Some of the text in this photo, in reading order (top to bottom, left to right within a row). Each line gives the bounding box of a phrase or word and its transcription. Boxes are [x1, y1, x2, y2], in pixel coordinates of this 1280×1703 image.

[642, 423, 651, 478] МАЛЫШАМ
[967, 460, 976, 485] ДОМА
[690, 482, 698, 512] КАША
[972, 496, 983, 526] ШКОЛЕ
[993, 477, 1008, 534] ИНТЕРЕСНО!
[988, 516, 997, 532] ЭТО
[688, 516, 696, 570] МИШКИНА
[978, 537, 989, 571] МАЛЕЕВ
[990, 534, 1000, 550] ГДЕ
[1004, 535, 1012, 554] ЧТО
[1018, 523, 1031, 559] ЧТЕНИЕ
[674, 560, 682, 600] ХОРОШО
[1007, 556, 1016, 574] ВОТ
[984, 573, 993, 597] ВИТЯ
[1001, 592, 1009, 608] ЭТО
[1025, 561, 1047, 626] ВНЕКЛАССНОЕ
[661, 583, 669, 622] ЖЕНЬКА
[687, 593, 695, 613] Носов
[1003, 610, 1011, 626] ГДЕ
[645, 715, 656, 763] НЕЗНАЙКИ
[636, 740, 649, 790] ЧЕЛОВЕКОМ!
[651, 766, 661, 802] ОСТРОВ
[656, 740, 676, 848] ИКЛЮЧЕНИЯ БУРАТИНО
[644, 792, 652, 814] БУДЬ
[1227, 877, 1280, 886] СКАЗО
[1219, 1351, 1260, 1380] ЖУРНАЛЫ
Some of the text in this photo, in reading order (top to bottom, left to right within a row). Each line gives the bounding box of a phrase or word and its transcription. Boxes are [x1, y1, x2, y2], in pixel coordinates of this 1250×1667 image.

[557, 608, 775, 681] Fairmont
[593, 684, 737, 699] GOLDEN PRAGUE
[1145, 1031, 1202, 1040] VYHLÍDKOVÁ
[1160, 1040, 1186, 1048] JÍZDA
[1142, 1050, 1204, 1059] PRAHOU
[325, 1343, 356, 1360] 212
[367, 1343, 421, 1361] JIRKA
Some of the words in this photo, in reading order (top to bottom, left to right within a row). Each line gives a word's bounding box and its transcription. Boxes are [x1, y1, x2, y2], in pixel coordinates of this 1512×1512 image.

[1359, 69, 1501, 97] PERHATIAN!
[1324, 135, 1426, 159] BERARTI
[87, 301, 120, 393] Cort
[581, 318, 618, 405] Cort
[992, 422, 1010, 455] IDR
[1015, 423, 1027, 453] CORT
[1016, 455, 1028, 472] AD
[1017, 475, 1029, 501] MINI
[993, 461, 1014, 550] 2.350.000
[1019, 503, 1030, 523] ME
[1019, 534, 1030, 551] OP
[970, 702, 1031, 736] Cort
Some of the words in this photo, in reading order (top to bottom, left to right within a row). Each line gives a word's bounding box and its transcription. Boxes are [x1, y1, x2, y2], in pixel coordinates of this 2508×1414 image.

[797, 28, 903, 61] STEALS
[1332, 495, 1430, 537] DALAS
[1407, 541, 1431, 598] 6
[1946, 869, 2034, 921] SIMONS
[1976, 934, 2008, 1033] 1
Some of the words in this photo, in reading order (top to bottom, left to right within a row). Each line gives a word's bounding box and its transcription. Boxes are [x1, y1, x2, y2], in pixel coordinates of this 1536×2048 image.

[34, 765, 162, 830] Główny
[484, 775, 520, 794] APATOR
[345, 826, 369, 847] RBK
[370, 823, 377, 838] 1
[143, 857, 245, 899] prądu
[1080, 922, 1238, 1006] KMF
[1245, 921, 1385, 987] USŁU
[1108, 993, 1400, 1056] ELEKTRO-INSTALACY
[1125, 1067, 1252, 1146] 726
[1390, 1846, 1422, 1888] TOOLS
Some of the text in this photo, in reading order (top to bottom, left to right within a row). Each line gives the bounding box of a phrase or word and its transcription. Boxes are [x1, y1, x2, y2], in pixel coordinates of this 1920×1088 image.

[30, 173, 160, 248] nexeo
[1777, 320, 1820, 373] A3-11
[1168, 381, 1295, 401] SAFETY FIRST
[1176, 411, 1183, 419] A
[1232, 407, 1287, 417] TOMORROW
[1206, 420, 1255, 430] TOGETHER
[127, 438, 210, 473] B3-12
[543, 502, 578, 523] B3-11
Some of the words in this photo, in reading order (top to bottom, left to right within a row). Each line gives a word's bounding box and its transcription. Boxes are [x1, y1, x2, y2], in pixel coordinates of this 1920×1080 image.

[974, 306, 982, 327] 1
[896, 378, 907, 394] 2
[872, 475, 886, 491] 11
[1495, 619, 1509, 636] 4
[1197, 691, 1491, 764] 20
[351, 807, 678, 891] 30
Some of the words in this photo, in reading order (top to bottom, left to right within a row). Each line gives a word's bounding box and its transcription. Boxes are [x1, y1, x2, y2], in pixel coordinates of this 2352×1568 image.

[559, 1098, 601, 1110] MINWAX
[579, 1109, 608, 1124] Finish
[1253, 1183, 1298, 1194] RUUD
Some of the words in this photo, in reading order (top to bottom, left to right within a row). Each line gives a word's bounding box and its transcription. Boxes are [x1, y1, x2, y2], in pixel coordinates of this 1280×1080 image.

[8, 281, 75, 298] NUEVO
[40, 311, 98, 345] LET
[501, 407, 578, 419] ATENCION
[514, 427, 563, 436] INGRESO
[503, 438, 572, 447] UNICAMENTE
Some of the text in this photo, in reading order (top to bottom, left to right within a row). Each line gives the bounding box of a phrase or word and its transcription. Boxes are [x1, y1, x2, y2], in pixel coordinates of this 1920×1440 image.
◇ ◇ ◇
Your task is to give back every record exactly.

▶ **WRITTEN REPLY**
Some of the text in this photo, in reading order (top to bottom, left to right within a row). Each line gives the bounding box of a phrase or word and its transcription. Boxes are [x1, y1, x2, y2], in pixel coordinates of this 1280×1703 image.

[642, 423, 651, 478] МАЛЫШАМ
[967, 460, 976, 485] ДОМА
[690, 482, 698, 512] КАША
[972, 496, 983, 526] ШКОЛЕ
[993, 477, 1008, 534] ИНТЕРЕСНО!
[988, 516, 997, 532] ЭТО
[688, 516, 696, 570] МИШКИНА
[978, 537, 989, 571] МАЛЕЕВ
[990, 534, 1000, 550] ГДЕ
[1004, 535, 1012, 554] ЧТО
[1018, 523, 1031, 559] ЧТЕНИЕ
[674, 560, 682, 600] ХОРОШО
[1007, 556, 1016, 574] ВОТ
[984, 573, 993, 597] ВИТЯ
[1001, 592, 1009, 608] ЭТО
[1025, 561, 1047, 626] ВНЕКЛАССНОЕ
[661, 583, 669, 622] ЖЕНЬКА
[687, 593, 695, 613] Носов
[1003, 610, 1011, 626] ГДЕ
[645, 715, 656, 763] НЕЗНАЙКИ
[636, 740, 649, 790] ЧЕЛОВЕКОМ!
[651, 766, 661, 802] ОСТРОВ
[656, 740, 676, 848] ИКЛЮЧЕНИЯ БУРАТИНО
[644, 792, 652, 814] БУДЬ
[1227, 877, 1280, 886] СКАЗО
[1219, 1351, 1260, 1380] ЖУРНАЛЫ
Some of the text in this photo, in reading order (top to bottom, left to right within a row). Each line gives the bounding box of a phrase or word and its transcription. Boxes are [x1, y1, x2, y2], in pixel coordinates of this 1250×1667 image.

[557, 608, 775, 681] Fairmont
[593, 684, 737, 699] GOLDEN PRAGUE
[1145, 1031, 1202, 1040] VYHLÍDKOVÁ
[1160, 1040, 1186, 1048] JÍZDA
[1142, 1050, 1204, 1059] PRAHOU
[325, 1343, 356, 1360] 212
[367, 1343, 421, 1361] JIRKA
Some of the words in this photo, in reading order (top to bottom, left to right within a row). Each line gives a word's bounding box and its transcription. Boxes are [x1, y1, x2, y2], in pixel coordinates of this 1512×1512 image.

[1359, 69, 1501, 97] PERHATIAN!
[1324, 135, 1426, 159] BERARTI
[87, 301, 120, 393] Cort
[581, 318, 618, 405] Cort
[992, 422, 1010, 455] IDR
[1015, 423, 1027, 453] CORT
[1016, 455, 1028, 472] AD
[1017, 475, 1029, 501] MINI
[993, 461, 1014, 550] 2.350.000
[1019, 503, 1030, 523] ME
[1019, 534, 1030, 551] OP
[970, 702, 1031, 736] Cort
Some of the words in this photo, in reading order (top to bottom, left to right within a row). Each line gives a word's bounding box and its transcription. Boxes are [x1, y1, x2, y2], in pixel coordinates of this 2508×1414 image.

[797, 28, 903, 61] STEALS
[1332, 495, 1430, 537] DALAS
[1407, 541, 1431, 598] 6
[1946, 869, 2034, 921] SIMONS
[1976, 934, 2008, 1033] 1
Some of the words in this photo, in reading order (top to bottom, left to right within a row). Each line gives a word's bounding box and its transcription. Boxes are [x1, y1, x2, y2], in pixel coordinates of this 1536×2048 image.

[34, 765, 162, 830] Główny
[484, 775, 520, 794] APATOR
[345, 826, 369, 847] RBK
[370, 823, 377, 838] 1
[143, 857, 245, 899] prądu
[1080, 922, 1238, 1006] KMF
[1245, 921, 1385, 987] USŁU
[1108, 993, 1400, 1056] ELEKTRO-INSTALACY
[1125, 1067, 1252, 1146] 726
[1390, 1846, 1422, 1888] TOOLS
Some of the text in this photo, in reading order (top to bottom, left to right within a row). Each line gives the bounding box of a phrase or word and its transcription. Boxes are [x1, y1, x2, y2], in pixel coordinates of this 1920×1088 image.

[30, 173, 160, 248] nexeo
[1777, 320, 1820, 373] A3-11
[1168, 381, 1295, 401] SAFETY FIRST
[1176, 411, 1183, 419] A
[1232, 407, 1287, 417] TOMORROW
[1206, 420, 1255, 430] TOGETHER
[127, 438, 210, 473] B3-12
[543, 502, 578, 523] B3-11
Some of the words in this photo, in reading order (top to bottom, left to right within a row). Each line gives a word's bounding box and its transcription. Boxes are [x1, y1, x2, y2], in pixel coordinates of this 1920×1080 image.

[974, 306, 982, 327] 1
[896, 378, 907, 394] 2
[872, 475, 886, 491] 11
[1495, 619, 1509, 636] 4
[1197, 691, 1491, 764] 20
[351, 807, 678, 891] 30
Some of the words in this photo, in reading order (top to bottom, left to right within a row). Each line gives a word's bounding box and its transcription. Boxes are [x1, y1, x2, y2], in pixel coordinates of this 2352×1568 image.

[559, 1098, 601, 1110] MINWAX
[579, 1109, 608, 1124] Finish
[1253, 1183, 1298, 1194] RUUD
Some of the words in this photo, in reading order (top to bottom, left to right within a row). Each line gives a word's bounding box and its transcription. Boxes are [x1, y1, x2, y2], in pixel coordinates of this 1280×1080 image.

[8, 281, 75, 298] NUEVO
[40, 311, 98, 345] LET
[501, 407, 578, 419] ATENCION
[514, 427, 563, 436] INGRESO
[503, 438, 572, 447] UNICAMENTE
Some of the text in this photo, in reading order (top to bottom, left to right within a row). Each line gives the bounding box of a phrase or word and its transcription. Boxes are [x1, y1, x2, y2], in pixel coordinates of this 1920×1440 image.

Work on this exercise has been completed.